◆ Your task: An exact copy of the listing is what is needed here; write it out in full.

◆ Data shown:
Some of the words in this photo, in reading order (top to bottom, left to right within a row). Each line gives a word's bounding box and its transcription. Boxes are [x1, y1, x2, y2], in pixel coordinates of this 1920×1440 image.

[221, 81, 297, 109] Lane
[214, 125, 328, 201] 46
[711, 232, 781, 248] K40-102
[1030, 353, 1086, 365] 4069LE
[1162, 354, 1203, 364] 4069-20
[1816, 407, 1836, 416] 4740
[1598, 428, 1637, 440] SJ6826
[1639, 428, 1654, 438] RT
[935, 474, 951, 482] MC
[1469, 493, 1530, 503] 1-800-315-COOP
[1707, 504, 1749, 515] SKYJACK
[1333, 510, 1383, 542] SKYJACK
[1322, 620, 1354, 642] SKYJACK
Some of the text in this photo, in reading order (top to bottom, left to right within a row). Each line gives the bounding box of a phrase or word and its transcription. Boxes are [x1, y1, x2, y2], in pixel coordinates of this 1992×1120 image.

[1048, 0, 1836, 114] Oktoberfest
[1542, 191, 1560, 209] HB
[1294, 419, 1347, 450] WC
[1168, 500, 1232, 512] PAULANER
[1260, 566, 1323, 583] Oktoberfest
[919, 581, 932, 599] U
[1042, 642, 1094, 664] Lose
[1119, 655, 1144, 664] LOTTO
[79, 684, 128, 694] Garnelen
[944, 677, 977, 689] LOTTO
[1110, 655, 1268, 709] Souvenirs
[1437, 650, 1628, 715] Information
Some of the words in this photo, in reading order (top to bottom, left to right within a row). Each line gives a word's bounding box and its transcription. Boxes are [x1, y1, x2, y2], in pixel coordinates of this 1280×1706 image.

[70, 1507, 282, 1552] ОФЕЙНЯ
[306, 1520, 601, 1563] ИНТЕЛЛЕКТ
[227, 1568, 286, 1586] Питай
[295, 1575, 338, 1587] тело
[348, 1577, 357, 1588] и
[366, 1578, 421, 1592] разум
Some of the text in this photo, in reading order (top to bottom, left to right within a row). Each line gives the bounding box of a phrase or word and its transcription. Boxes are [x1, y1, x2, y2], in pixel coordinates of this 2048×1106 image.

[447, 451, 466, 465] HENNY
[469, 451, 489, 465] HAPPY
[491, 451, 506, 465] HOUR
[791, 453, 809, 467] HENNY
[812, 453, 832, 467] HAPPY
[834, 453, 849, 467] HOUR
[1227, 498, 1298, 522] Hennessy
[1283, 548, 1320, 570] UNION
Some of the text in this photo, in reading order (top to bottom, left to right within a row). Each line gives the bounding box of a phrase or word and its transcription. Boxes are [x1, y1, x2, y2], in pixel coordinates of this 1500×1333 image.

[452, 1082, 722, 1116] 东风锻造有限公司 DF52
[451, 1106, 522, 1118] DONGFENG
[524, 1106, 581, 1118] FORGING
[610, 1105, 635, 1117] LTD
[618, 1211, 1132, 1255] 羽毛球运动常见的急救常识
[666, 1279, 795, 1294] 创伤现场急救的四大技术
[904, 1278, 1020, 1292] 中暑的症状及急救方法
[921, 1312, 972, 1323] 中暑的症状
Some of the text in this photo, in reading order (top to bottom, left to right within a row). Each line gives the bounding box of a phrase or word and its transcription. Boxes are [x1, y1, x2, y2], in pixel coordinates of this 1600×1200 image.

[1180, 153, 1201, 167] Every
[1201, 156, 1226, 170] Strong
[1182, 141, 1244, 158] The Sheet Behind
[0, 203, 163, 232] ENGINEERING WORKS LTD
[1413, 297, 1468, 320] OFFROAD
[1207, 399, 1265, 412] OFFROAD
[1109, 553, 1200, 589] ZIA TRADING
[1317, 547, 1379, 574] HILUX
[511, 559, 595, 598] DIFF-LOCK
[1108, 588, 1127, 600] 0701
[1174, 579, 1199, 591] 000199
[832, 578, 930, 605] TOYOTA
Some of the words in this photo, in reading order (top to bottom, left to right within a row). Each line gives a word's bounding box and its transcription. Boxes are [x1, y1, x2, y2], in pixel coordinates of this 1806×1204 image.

◆ Result:
Some of the words in this photo, in reading order (top to bottom, left to right within a row). Each line gives a word's bounding box and its transcription. Boxes are [x1, y1, x2, y2], in pixel coordinates of this 1920×1440 image.

[221, 81, 297, 109] Lane
[214, 125, 328, 201] 46
[711, 232, 781, 248] K40-102
[1030, 353, 1086, 365] 4069LE
[1162, 354, 1203, 364] 4069-20
[1816, 407, 1836, 416] 4740
[1598, 428, 1637, 440] SJ6826
[1639, 428, 1654, 438] RT
[935, 474, 951, 482] MC
[1469, 493, 1530, 503] 1-800-315-COOP
[1707, 504, 1749, 515] SKYJACK
[1333, 510, 1383, 542] SKYJACK
[1322, 620, 1354, 642] SKYJACK
Some of the text in this photo, in reading order (top to bottom, left to right within a row). Each line gives the bounding box of a phrase or word and its transcription. Boxes are [x1, y1, x2, y2], in pixel coordinates of this 1992×1120 image.

[1048, 0, 1836, 114] Oktoberfest
[1542, 191, 1560, 209] HB
[1294, 419, 1347, 450] WC
[1168, 500, 1232, 512] PAULANER
[1260, 566, 1323, 583] Oktoberfest
[919, 581, 932, 599] U
[1042, 642, 1094, 664] Lose
[1119, 655, 1144, 664] LOTTO
[79, 684, 128, 694] Garnelen
[944, 677, 977, 689] LOTTO
[1110, 655, 1268, 709] Souvenirs
[1437, 650, 1628, 715] Information
Some of the words in this photo, in reading order (top to bottom, left to right within a row). Each line gives a word's bounding box and its transcription. Boxes are [x1, y1, x2, y2], in pixel coordinates of this 1280×1706 image.

[70, 1507, 282, 1552] ОФЕЙНЯ
[306, 1520, 601, 1563] ИНТЕЛЛЕКТ
[227, 1568, 286, 1586] Питай
[295, 1575, 338, 1587] тело
[348, 1577, 357, 1588] и
[366, 1578, 421, 1592] разум
Some of the text in this photo, in reading order (top to bottom, left to right within a row). Each line gives the bounding box of a phrase or word and its transcription. Boxes are [x1, y1, x2, y2], in pixel coordinates of this 2048×1106 image.

[447, 451, 466, 465] HENNY
[469, 451, 489, 465] HAPPY
[491, 451, 506, 465] HOUR
[791, 453, 809, 467] HENNY
[812, 453, 832, 467] HAPPY
[834, 453, 849, 467] HOUR
[1227, 498, 1298, 522] Hennessy
[1283, 548, 1320, 570] UNION
Some of the text in this photo, in reading order (top to bottom, left to right within a row). Each line gives the bounding box of a phrase or word and its transcription. Boxes are [x1, y1, x2, y2], in pixel coordinates of this 1500×1333 image.

[452, 1082, 722, 1116] 东风锻造有限公司 DF52
[451, 1106, 522, 1118] DONGFENG
[524, 1106, 581, 1118] FORGING
[610, 1105, 635, 1117] LTD
[618, 1211, 1132, 1255] 羽毛球运动常见的急救常识
[666, 1279, 795, 1294] 创伤现场急救的四大技术
[904, 1278, 1020, 1292] 中暑的症状及急救方法
[921, 1312, 972, 1323] 中暑的症状
Some of the text in this photo, in reading order (top to bottom, left to right within a row). Each line gives the bounding box of a phrase or word and its transcription. Boxes are [x1, y1, x2, y2], in pixel coordinates of this 1600×1200 image.

[1180, 153, 1201, 167] Every
[1201, 156, 1226, 170] Strong
[1182, 141, 1244, 158] The Sheet Behind
[0, 203, 163, 232] ENGINEERING WORKS LTD
[1413, 297, 1468, 320] OFFROAD
[1207, 399, 1265, 412] OFFROAD
[1109, 553, 1200, 589] ZIA TRADING
[1317, 547, 1379, 574] HILUX
[511, 559, 595, 598] DIFF-LOCK
[1108, 588, 1127, 600] 0701
[1174, 579, 1199, 591] 000199
[832, 578, 930, 605] TOYOTA
Some of the words in this photo, in reading order (top to bottom, left to right within a row). Each line gives a word's bounding box and its transcription. Boxes are [x1, y1, x2, y2], in pixel coordinates of this 1806×1204 image.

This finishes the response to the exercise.